Por exemplo, uma companhia emissora, que já possui prospectos de distribuição pública credenciados pela CVM, pode também distribuir na Europa valores mobiliários utilizando o mesmo prospecto, se a instrução da CVM pertinente puder ser comparada com a diretiva europeia. Regras de reconhecimento similares para a permissão de operar no mercado financeiro existem, também, na diretriz europeia para fundos de investimento, assim como, na diretriz planejada para private equity e hedge funds.

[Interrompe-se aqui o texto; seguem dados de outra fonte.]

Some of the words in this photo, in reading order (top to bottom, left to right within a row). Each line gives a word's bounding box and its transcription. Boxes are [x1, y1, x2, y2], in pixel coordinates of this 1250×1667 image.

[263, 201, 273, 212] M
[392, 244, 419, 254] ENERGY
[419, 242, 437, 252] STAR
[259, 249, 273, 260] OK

De acordo com as leis europeias, esse reconhecimento depende do pré-requisito de que a regulação do terceiro país esteja em conformidade com as normas internacionais. Aqui o Brasil tem uma vantagem decisiva, já que a CVM persegue, há anos, uma política de adaptação aos padrões internacionais, como às normas da Organisation Internationale des Commissions de Valeurs (OICV). E mais: justamente nos últimos anos, demonstra-se uma harmonia cada vez maior entre as instruções da CVM e as diretrizes europeias. Um exemplo proeminente deste ano é a sugestão da CVM para a reforma da instrução sobre oferta pública de aquisição. Essa política da CVM, que se orienta em padrões internacionais, pode criar uma nova vantagem para as empresas brasileiras e para os atores do mercado financeiro. Mas para que se tire proveito dessa vantagem, os dois grupos devem exigir que o acordo de livre comércio tenha regras claras para o reconhecimento das permissões concedidas pela comissão. Isso lhes garantirá o acesso ao mercado de capitais europeu com baixos custos de transação.

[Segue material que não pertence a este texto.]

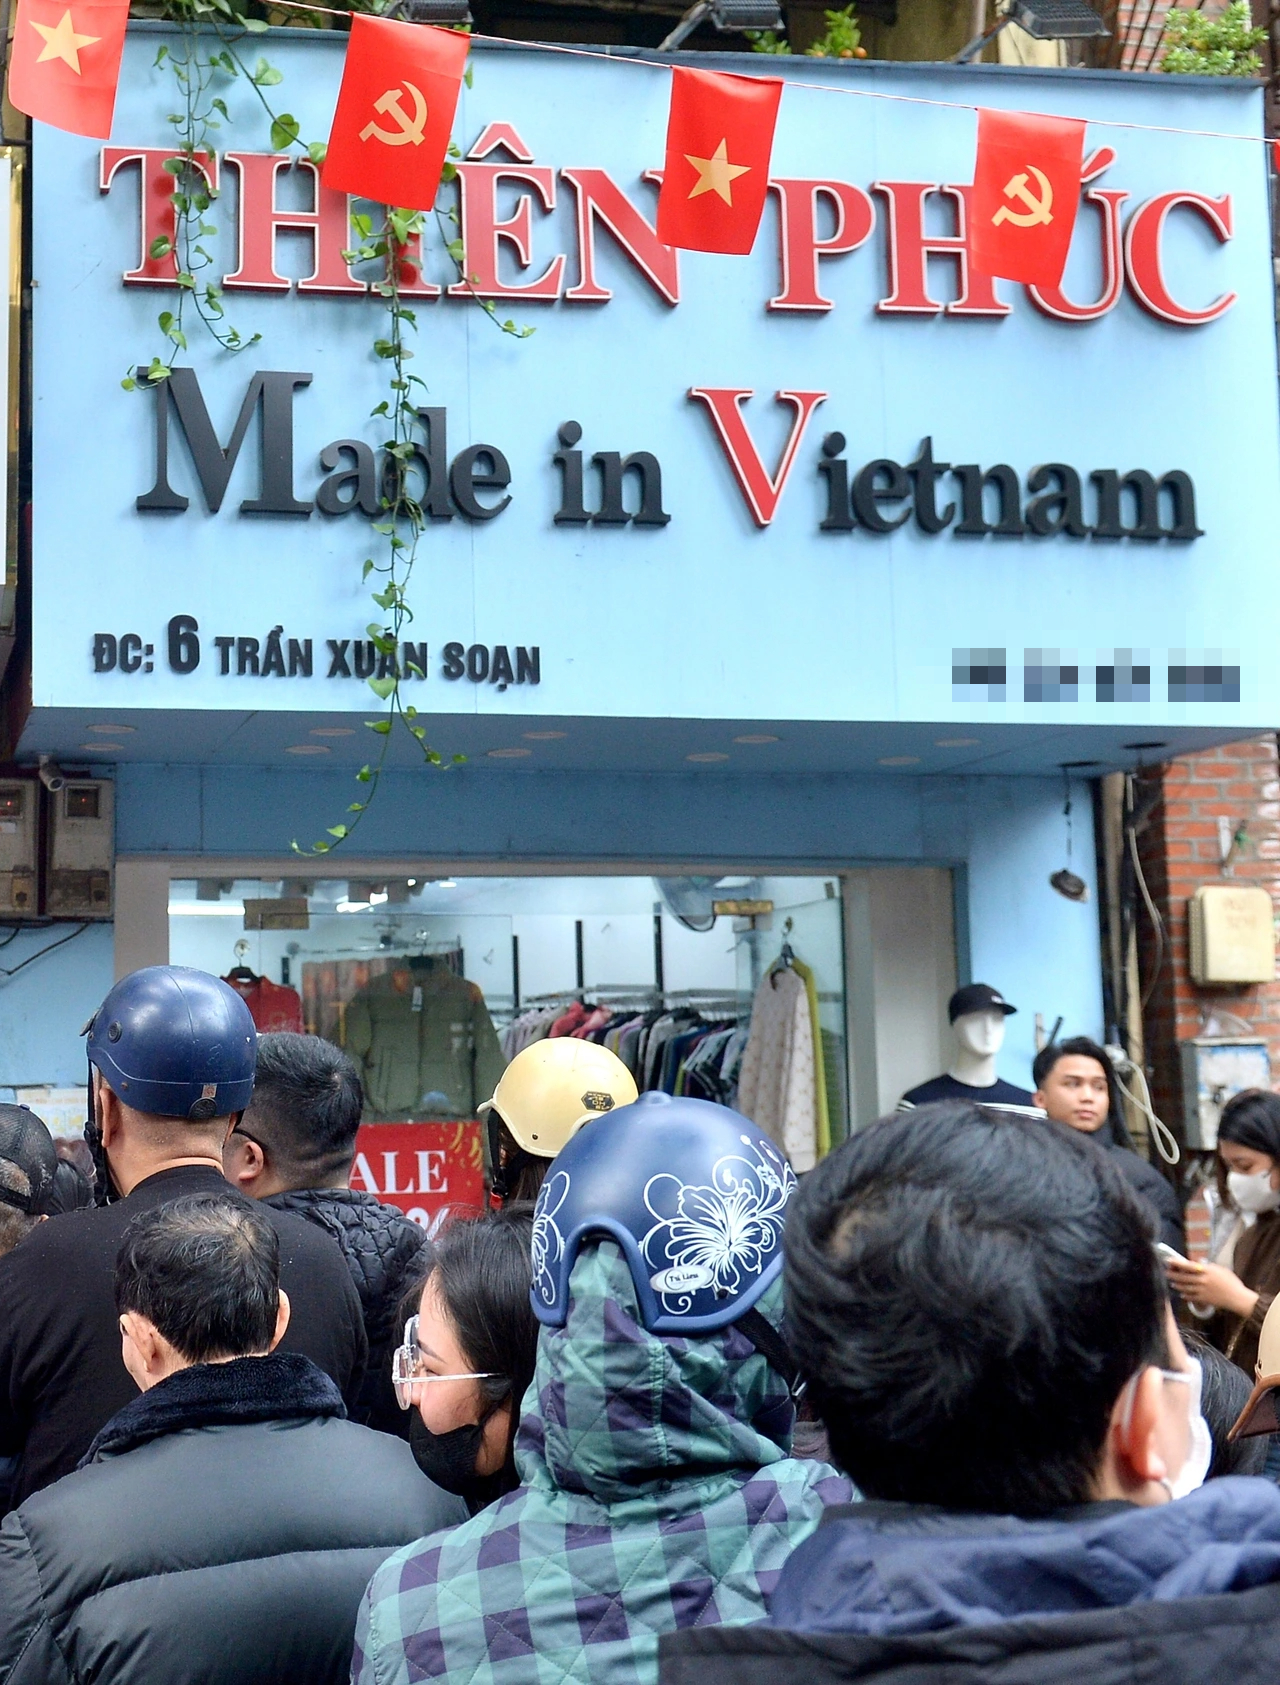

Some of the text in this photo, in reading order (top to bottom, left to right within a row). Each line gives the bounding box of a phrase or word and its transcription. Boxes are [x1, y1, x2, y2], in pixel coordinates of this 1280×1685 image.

[134, 366, 1206, 540] Made in Vietnam
[93, 632, 154, 674] ĐC:
[167, 614, 200, 675] 6
[442, 641, 541, 692] SOẠN
[349, 1150, 449, 1195] ALE

No entanto, essas exigências por parte do Brasil não poderão ser feitas sem que, ao mesmo tempo, seja feita uma proposta recíproca aos europeus. Enquanto as instruções da CVM correspondem aos padrões internacionais, esse não é sempre o caso das leis brasileiras. Fora dos padrões internacionais, por exemplo, estão as normas para o reconhecimento das sociedades estrangeiras, bem como a lei do direito internacional privado, promulgada em 1942, na Era Vargas.

Peter Sester é professor do curso sobre União Europeia, no Insper, é professor honorário na Universidade de Freiburg e professor na Universidade de Karlsruhe (ambas na Alemanha).